Asian aviation promising, but tough competition ahead: Iata
Asian aviation promising, but tough competition ahead: Iata
Singapore: Tough times are ahead for global aviation despite a return to profit last year, with many airlines mired in debt, rising fuel bills and fears of a looming US recession, industry officials said on Monday.
The global aviation industry returned to profitability in 2007, but earnings of $5.6 billion (Rs22,232 crore) were only less than 2% of $490 billion in revenue, said International Air Transport Association (Iata) chief Giovanni Bisignani.
“Airlines are in $190 billion of debt. Oil is pushing $100 a barrel, accounting for 30% of operating costs or a total bill of $149 billion."
“The revenue cycle peaked in 2006 and the negative impact of the credit crunch is still being calculated," he said, referring to the global financial market turmoil triggered by massive defaults on risky US home loans.
Global aviation suffered following the 11 September 2001 attacks in the US. Iata estimated overall losses for the global industry at $40 billion.
Despite the gloomy global picture, Asia’s aviation industry can fare better, thanks to rapidly expanding markets in China and India, Bisignani said. Asia is “home to some of the industry’s strongest carriers, and best and newest airport infrastructure," he added.
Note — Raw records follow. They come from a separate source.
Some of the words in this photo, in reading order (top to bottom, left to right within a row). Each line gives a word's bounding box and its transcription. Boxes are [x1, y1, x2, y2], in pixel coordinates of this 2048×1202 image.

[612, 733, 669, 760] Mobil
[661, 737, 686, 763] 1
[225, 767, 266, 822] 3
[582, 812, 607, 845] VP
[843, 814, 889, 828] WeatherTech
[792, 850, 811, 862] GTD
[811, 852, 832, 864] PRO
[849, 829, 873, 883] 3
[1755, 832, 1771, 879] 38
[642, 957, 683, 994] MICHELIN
But while the region is “full of promise", there were also “some very big challenges," Bisignani said.
He sounded warning bells on the emerging challenge from West Asia, which he said is spending $38 billion on airports and other aviation infrastructure.
Dubai, an emerging financial centre, serves 159 destinations—37% more than Changi (airport in Singapore). Dubai is also developing the Jebel Ali airport that will serve 120 million passengers a year, he said.
“In total, West Asia is spending $38 billion on infrastructure. So, the competitive challenge will be broad and it will not only be competition for market share and infrastructure."